══ GIVEN ENTRIES ══

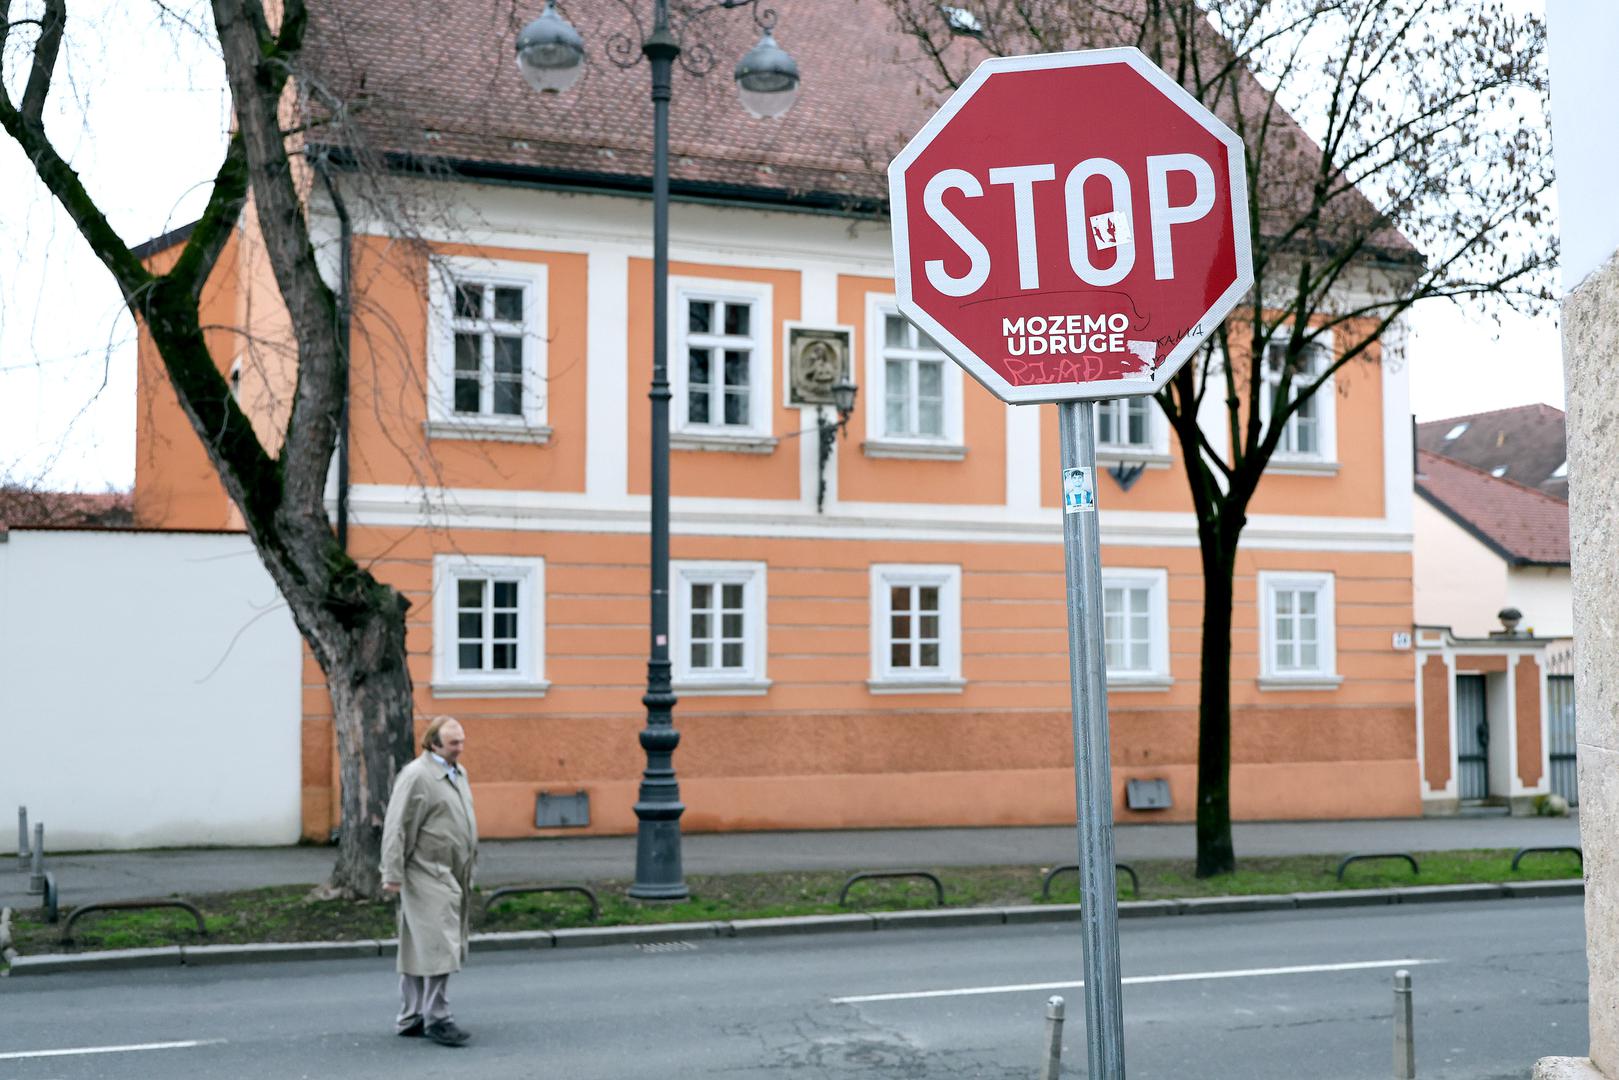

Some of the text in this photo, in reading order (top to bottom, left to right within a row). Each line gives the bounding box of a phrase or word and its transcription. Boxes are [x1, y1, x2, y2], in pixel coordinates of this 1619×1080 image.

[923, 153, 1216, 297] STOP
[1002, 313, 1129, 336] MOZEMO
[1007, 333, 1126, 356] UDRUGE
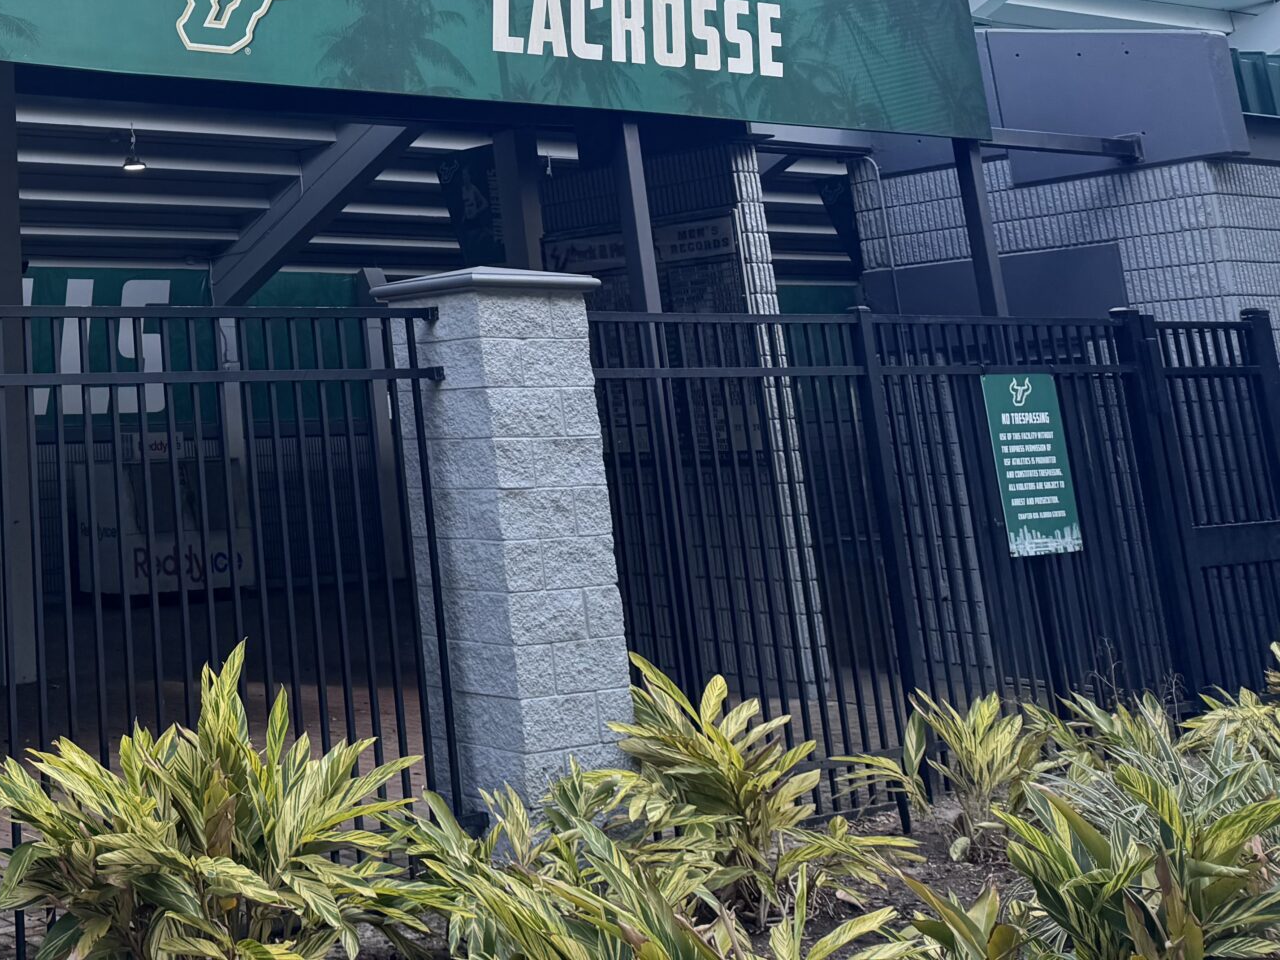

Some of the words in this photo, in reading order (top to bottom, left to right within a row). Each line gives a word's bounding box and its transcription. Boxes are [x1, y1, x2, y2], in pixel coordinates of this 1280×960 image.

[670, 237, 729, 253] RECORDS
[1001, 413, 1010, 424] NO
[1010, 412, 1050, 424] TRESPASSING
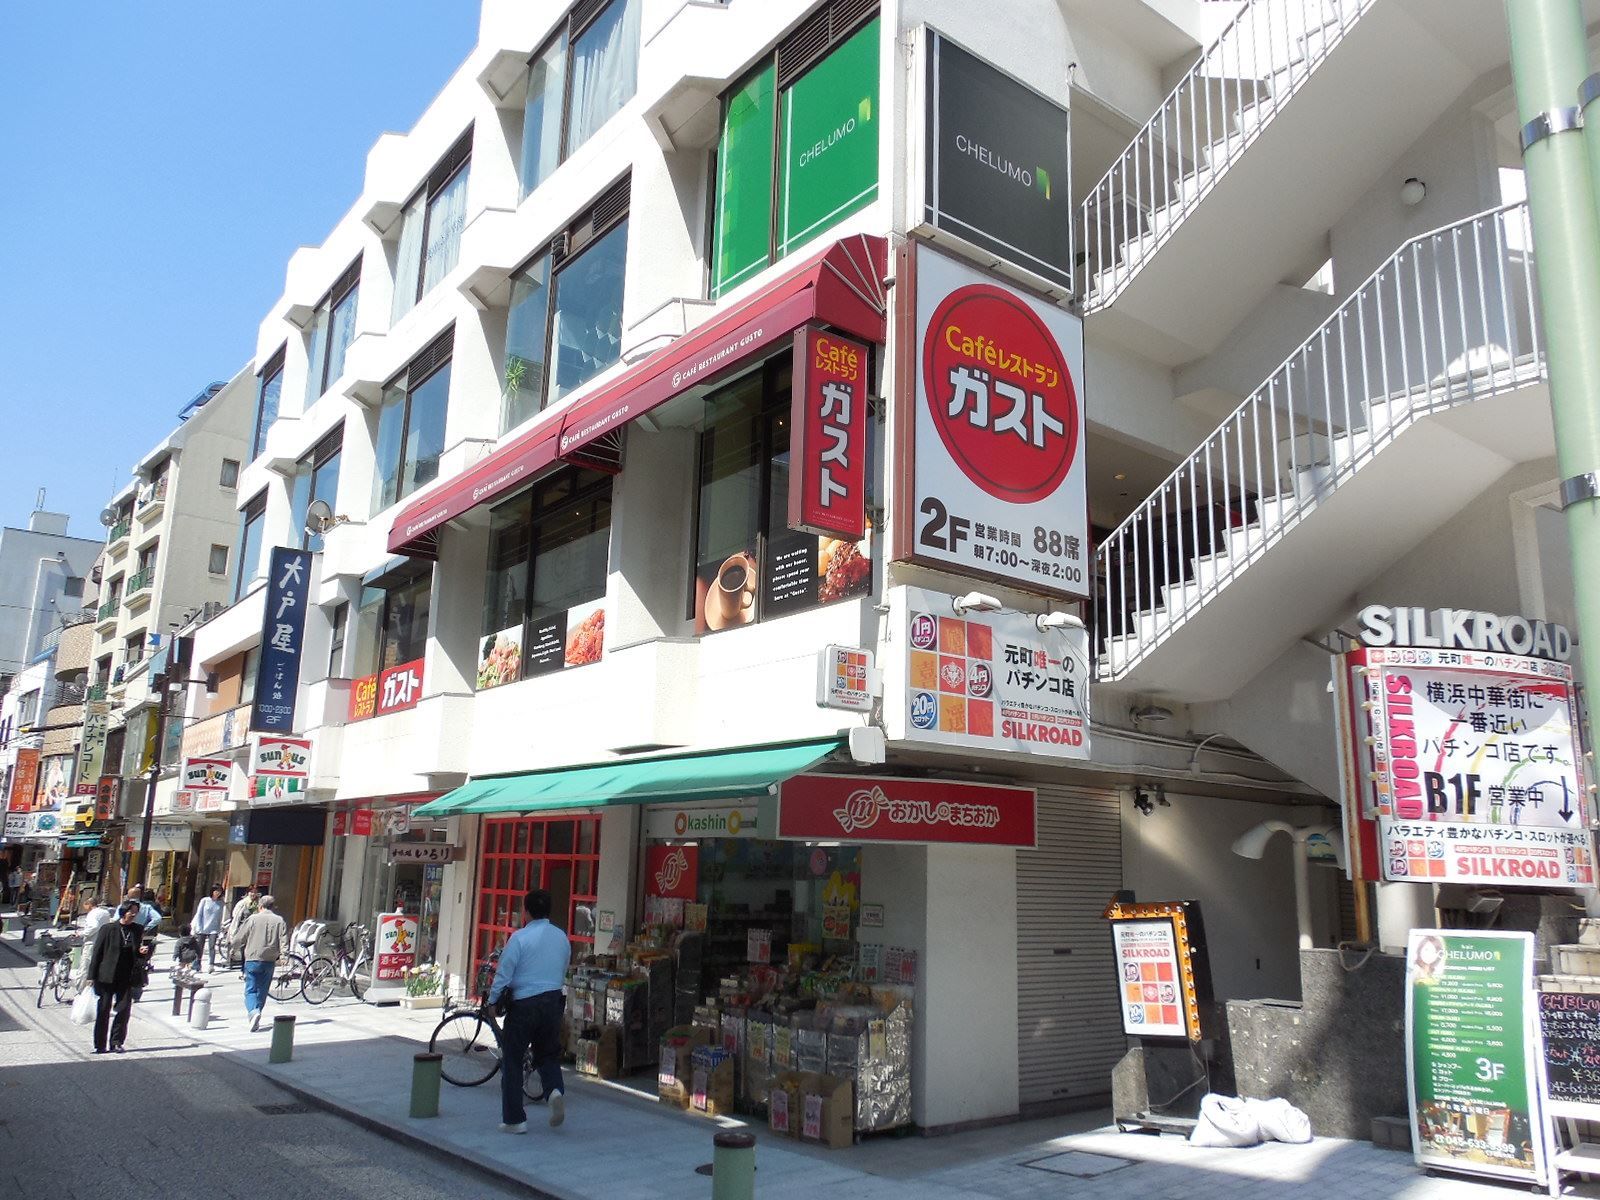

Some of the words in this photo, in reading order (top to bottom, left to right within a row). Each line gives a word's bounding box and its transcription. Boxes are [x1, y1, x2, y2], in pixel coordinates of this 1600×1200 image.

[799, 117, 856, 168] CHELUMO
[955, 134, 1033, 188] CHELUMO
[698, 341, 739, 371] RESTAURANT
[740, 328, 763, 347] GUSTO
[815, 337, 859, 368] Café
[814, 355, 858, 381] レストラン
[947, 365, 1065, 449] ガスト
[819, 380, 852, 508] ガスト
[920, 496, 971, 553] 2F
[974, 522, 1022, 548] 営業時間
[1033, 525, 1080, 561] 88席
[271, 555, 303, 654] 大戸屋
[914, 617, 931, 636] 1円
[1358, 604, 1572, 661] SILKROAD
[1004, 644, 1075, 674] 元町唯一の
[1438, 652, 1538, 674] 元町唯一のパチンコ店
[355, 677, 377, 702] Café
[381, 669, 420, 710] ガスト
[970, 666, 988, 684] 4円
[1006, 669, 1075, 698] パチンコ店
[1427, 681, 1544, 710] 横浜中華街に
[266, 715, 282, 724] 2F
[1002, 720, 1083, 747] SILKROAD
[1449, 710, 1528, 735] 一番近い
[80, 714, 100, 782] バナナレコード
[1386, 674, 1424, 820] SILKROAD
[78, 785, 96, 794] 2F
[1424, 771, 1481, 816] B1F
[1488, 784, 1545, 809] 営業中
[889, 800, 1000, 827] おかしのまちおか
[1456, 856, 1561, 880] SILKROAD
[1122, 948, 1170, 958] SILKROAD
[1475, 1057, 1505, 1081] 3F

═══

Restate each entry exactly, omitting pictures.

— COMPLETED TASK —
Some of the text in this photo, in reading order (top to bottom, left to right within a row). Each line gives the bounding box of a phrase or word and its transcription. Boxes are [x1, y1, x2, y2], in pixel coordinates of this 1619×1080 image.

[923, 153, 1216, 297] STOP
[1002, 313, 1129, 336] MOZEMO
[1007, 333, 1126, 356] UDRUGE

Some of the words in this photo, in reading order (top to bottom, left to right within a row). Each line gives a word's bounding box and its transcription. Boxes are [x1, y1, x2, y2], in pixel coordinates of this 1280×960 image.

[670, 237, 729, 253] RECORDS
[1001, 413, 1010, 424] NO
[1010, 412, 1050, 424] TRESPASSING

Some of the words in this photo, in reading order (top to bottom, left to right within a row). Each line gives a word's bounding box and its transcription. Boxes are [x1, y1, x2, y2], in pixel coordinates of this 1600×1200 image.

[799, 117, 856, 168] CHELUMO
[955, 134, 1033, 188] CHELUMO
[698, 341, 739, 371] RESTAURANT
[740, 328, 763, 347] GUSTO
[815, 337, 859, 368] Café
[814, 355, 858, 381] レストラン
[947, 365, 1065, 449] ガスト
[819, 380, 852, 508] ガスト
[920, 496, 971, 553] 2F
[974, 522, 1022, 548] 営業時間
[1033, 525, 1080, 561] 88席
[271, 555, 303, 654] 大戸屋
[914, 617, 931, 636] 1円
[1358, 604, 1572, 661] SILKROAD
[1004, 644, 1075, 674] 元町唯一の
[1438, 652, 1538, 674] 元町唯一のパチンコ店
[355, 677, 377, 702] Café
[381, 669, 420, 710] ガスト
[970, 666, 988, 684] 4円
[1006, 669, 1075, 698] パチンコ店
[1427, 681, 1544, 710] 横浜中華街に
[266, 715, 282, 724] 2F
[1002, 720, 1083, 747] SILKROAD
[1449, 710, 1528, 735] 一番近い
[80, 714, 100, 782] バナナレコード
[1386, 674, 1424, 820] SILKROAD
[78, 785, 96, 794] 2F
[1424, 771, 1481, 816] B1F
[1488, 784, 1545, 809] 営業中
[889, 800, 1000, 827] おかしのまちおか
[1456, 856, 1561, 880] SILKROAD
[1122, 948, 1170, 958] SILKROAD
[1475, 1057, 1505, 1081] 3F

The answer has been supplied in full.